Pharmacists and pathologists, who have seen many of their traditional functions commoditized by competition and cost-cutting, are increasingly at odds over pharmacists’ efforts to expand their scope of practice.

In several states, pharmacists are backing legislation that would allow them to perform certain laboratory tests like glucose and cholesterol without state laboratory licensure or regulation. Such testing is part of a campaign by pharmacy groups to get pharmacists involved more directly in patient care.
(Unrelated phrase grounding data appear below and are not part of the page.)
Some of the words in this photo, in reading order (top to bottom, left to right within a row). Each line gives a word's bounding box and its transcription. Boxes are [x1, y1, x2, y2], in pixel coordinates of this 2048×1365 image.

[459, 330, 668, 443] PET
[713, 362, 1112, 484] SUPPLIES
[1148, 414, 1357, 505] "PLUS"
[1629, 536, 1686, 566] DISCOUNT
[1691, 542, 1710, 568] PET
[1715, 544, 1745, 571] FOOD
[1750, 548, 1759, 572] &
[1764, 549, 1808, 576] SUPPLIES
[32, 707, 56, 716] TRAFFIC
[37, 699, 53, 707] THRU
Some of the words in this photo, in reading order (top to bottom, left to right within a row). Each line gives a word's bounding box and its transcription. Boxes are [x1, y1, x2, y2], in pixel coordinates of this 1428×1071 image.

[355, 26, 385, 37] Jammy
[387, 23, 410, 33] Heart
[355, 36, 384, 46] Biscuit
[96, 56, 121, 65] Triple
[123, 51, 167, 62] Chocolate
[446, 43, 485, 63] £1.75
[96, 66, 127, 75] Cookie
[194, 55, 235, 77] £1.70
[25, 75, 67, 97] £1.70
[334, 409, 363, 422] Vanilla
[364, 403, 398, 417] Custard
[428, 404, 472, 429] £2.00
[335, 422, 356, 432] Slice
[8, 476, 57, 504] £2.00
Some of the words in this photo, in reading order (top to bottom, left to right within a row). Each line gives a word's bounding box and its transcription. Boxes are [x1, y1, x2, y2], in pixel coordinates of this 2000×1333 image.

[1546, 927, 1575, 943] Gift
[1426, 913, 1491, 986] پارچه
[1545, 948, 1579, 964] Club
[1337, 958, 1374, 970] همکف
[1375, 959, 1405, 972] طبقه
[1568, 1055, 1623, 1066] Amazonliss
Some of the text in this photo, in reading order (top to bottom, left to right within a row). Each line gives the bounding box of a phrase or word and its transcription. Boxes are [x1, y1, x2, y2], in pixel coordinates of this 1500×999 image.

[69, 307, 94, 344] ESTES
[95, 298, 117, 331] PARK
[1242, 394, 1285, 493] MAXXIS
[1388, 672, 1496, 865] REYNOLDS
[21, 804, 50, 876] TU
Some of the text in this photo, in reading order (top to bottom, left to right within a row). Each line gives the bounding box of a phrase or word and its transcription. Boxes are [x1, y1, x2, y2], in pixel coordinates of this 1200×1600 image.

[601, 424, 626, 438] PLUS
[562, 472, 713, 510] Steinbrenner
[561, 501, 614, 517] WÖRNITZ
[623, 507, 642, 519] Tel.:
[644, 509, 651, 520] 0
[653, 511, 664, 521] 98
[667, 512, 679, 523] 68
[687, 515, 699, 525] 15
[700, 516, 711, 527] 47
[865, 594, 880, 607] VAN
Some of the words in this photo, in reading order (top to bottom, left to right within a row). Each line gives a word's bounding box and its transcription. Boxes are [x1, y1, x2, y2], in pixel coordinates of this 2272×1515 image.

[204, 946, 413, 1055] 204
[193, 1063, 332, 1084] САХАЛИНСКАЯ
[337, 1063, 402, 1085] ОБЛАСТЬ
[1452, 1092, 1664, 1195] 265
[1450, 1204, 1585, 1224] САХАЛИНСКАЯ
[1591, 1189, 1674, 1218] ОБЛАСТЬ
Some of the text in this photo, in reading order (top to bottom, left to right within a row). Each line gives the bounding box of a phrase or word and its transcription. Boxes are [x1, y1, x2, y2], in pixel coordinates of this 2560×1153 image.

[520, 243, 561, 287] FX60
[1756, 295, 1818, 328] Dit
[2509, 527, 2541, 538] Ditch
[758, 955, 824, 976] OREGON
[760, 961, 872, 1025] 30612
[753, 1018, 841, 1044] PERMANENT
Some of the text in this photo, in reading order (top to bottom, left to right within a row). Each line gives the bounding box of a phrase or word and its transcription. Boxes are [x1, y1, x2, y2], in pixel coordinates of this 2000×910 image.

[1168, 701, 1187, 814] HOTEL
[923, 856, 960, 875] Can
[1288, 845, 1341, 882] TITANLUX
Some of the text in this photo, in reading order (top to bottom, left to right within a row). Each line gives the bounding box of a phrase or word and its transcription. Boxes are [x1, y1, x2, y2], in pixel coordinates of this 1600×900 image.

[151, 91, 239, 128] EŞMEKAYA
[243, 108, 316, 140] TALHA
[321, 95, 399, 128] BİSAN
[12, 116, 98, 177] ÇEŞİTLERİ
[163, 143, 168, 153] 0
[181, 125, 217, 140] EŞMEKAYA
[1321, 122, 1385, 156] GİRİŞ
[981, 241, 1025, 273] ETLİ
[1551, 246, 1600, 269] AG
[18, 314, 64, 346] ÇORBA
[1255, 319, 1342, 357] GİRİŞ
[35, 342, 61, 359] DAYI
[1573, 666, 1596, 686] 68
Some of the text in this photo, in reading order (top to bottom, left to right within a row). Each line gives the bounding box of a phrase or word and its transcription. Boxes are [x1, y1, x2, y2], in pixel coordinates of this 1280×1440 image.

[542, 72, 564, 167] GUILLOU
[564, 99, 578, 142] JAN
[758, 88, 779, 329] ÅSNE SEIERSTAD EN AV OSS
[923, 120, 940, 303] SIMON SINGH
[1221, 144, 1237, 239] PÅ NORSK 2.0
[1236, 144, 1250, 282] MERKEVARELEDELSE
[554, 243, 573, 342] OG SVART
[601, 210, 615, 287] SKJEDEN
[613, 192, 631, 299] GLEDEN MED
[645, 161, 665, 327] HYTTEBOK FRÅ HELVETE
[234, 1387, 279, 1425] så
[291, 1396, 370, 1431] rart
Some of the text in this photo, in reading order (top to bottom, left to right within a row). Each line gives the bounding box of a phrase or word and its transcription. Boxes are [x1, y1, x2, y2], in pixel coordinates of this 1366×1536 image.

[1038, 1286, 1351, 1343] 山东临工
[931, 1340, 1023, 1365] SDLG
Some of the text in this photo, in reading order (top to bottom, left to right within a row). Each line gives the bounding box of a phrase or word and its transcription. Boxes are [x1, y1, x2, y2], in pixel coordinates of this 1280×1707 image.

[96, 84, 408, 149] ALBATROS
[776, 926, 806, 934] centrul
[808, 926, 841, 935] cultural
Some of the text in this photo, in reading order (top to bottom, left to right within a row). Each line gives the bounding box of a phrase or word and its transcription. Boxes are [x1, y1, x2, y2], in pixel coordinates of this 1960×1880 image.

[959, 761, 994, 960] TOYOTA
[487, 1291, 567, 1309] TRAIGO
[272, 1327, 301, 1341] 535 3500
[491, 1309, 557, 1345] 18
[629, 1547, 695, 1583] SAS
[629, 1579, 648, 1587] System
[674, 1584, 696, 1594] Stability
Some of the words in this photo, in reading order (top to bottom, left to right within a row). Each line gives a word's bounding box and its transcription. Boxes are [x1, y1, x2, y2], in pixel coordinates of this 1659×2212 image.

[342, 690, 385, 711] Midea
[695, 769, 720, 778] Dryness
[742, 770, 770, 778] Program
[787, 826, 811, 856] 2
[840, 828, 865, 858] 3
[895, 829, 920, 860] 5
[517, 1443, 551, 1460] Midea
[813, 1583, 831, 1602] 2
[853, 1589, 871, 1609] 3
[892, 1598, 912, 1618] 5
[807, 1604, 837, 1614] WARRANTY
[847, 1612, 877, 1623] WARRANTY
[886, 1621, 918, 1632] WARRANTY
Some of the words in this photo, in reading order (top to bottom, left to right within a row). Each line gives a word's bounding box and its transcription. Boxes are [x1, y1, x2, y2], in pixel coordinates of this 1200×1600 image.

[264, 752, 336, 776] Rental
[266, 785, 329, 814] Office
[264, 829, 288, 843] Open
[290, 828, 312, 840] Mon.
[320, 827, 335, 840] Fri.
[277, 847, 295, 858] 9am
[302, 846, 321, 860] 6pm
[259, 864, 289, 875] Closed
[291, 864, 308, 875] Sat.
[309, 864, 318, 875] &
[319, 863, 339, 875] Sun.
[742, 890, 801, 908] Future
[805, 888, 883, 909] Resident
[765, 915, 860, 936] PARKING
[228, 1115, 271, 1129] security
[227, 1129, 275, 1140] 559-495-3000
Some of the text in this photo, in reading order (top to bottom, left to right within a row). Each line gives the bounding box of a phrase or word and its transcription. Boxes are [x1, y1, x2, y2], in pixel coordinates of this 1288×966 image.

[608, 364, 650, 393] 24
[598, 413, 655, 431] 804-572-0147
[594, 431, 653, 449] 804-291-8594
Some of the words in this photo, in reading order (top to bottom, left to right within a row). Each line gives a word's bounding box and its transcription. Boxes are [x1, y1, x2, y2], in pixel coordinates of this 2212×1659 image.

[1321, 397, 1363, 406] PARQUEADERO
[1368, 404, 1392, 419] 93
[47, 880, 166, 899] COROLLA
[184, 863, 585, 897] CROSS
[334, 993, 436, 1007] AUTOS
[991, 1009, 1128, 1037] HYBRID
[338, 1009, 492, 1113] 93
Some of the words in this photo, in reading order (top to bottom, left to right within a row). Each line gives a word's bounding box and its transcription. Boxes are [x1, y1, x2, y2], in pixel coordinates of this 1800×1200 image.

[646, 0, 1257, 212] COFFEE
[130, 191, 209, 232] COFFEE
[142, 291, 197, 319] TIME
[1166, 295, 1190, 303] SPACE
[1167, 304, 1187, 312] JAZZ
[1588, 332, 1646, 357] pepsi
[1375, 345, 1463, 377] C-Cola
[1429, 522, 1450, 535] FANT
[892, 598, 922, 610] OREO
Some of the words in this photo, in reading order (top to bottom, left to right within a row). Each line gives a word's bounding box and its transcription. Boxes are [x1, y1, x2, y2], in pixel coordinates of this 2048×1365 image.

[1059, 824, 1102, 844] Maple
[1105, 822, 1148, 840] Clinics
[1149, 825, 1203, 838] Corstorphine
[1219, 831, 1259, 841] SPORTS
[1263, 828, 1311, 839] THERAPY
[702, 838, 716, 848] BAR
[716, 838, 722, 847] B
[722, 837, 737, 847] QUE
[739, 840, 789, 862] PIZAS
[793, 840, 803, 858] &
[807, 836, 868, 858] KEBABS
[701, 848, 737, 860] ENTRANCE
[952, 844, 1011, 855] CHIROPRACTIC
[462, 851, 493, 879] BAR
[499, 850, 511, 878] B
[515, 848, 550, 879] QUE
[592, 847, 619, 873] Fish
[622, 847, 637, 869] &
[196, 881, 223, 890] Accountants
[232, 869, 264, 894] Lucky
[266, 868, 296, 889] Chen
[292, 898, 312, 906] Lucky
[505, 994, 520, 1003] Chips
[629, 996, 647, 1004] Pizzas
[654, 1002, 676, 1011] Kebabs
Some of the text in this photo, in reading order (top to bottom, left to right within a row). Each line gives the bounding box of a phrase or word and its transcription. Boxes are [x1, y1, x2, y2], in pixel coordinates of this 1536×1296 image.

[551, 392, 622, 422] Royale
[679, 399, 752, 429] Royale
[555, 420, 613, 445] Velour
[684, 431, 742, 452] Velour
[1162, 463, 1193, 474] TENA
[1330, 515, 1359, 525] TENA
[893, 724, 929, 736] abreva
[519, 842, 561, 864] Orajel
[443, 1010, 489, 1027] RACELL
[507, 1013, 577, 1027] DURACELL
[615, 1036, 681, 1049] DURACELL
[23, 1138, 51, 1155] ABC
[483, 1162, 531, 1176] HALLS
"In a managed care environment where physicians don’t have the time to spend, patients need somebody who is seeing them more frequently and monitoring them consistently," says Mitch Rothholz, a spokesman for the American Pharmaceutical Association in Washington, which represents pharmacists. As nurses and physician assistants have done in some states, pharmacists can work with doctors in monitoring and modifying treatment, he asserts.

A White Paper issued last August by three national pharmacy groups, including the pharmaceutical association, said in addition to dispensing medication, pharmacists "also have the additional challenge, as integral members of the health care team, to educate, monitor and care for patients."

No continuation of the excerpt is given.